DATA LISTING
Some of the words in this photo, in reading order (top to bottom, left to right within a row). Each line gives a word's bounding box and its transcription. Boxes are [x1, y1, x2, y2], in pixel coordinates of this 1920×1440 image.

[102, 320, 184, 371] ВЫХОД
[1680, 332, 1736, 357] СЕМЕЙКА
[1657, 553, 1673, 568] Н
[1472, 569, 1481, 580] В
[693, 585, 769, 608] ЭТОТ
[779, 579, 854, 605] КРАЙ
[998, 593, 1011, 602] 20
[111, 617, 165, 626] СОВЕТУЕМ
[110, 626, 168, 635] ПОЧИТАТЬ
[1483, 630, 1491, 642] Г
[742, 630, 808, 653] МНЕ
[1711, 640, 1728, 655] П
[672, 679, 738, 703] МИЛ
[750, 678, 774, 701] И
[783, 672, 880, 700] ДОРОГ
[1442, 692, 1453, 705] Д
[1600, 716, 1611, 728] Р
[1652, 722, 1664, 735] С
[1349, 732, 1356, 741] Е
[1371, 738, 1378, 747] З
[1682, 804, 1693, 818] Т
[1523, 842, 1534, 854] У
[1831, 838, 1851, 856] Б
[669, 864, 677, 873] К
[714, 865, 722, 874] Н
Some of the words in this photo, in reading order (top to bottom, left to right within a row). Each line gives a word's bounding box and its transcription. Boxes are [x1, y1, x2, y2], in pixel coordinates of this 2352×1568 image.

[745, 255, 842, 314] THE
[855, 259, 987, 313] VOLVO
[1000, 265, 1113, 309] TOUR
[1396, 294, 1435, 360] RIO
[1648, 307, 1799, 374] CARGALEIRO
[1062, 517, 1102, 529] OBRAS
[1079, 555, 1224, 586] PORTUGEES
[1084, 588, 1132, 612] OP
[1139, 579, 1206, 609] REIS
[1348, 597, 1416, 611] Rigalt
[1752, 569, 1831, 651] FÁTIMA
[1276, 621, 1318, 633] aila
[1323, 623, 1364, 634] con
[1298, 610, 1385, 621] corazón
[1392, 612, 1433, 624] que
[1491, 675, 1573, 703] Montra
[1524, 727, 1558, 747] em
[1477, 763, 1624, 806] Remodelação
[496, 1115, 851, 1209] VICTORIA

WORK INSTRUCTIONS
Your job here is to copy the entries above exactly.

RESULT BELOW
Some of the words in this photo, in reading order (top to bottom, left to right within a row). Each line gives a word's bounding box and its transcription. Boxes are [x1, y1, x2, y2], in pixel coordinates of this 1920×1440 image.

[102, 320, 184, 371] ВЫХОД
[1680, 332, 1736, 357] СЕМЕЙКА
[1657, 553, 1673, 568] Н
[1472, 569, 1481, 580] В
[693, 585, 769, 608] ЭТОТ
[779, 579, 854, 605] КРАЙ
[998, 593, 1011, 602] 20
[111, 617, 165, 626] СОВЕТУЕМ
[110, 626, 168, 635] ПОЧИТАТЬ
[1483, 630, 1491, 642] Г
[742, 630, 808, 653] МНЕ
[1711, 640, 1728, 655] П
[672, 679, 738, 703] МИЛ
[750, 678, 774, 701] И
[783, 672, 880, 700] ДОРОГ
[1442, 692, 1453, 705] Д
[1600, 716, 1611, 728] Р
[1652, 722, 1664, 735] С
[1349, 732, 1356, 741] Е
[1371, 738, 1378, 747] З
[1682, 804, 1693, 818] Т
[1523, 842, 1534, 854] У
[1831, 838, 1851, 856] Б
[669, 864, 677, 873] К
[714, 865, 722, 874] Н
Some of the words in this photo, in reading order (top to bottom, left to right within a row). Each line gives a word's bounding box and its transcription. Boxes are [x1, y1, x2, y2], in pixel coordinates of this 2352×1568 image.

[745, 255, 842, 314] THE
[855, 259, 987, 313] VOLVO
[1000, 265, 1113, 309] TOUR
[1396, 294, 1435, 360] RIO
[1648, 307, 1799, 374] CARGALEIRO
[1062, 517, 1102, 529] OBRAS
[1079, 555, 1224, 586] PORTUGEES
[1084, 588, 1132, 612] OP
[1139, 579, 1206, 609] REIS
[1348, 597, 1416, 611] Rigalt
[1752, 569, 1831, 651] FÁTIMA
[1276, 621, 1318, 633] aila
[1323, 623, 1364, 634] con
[1298, 610, 1385, 621] corazón
[1392, 612, 1433, 624] que
[1491, 675, 1573, 703] Montra
[1524, 727, 1558, 747] em
[1477, 763, 1624, 806] Remodelação
[496, 1115, 851, 1209] VICTORIA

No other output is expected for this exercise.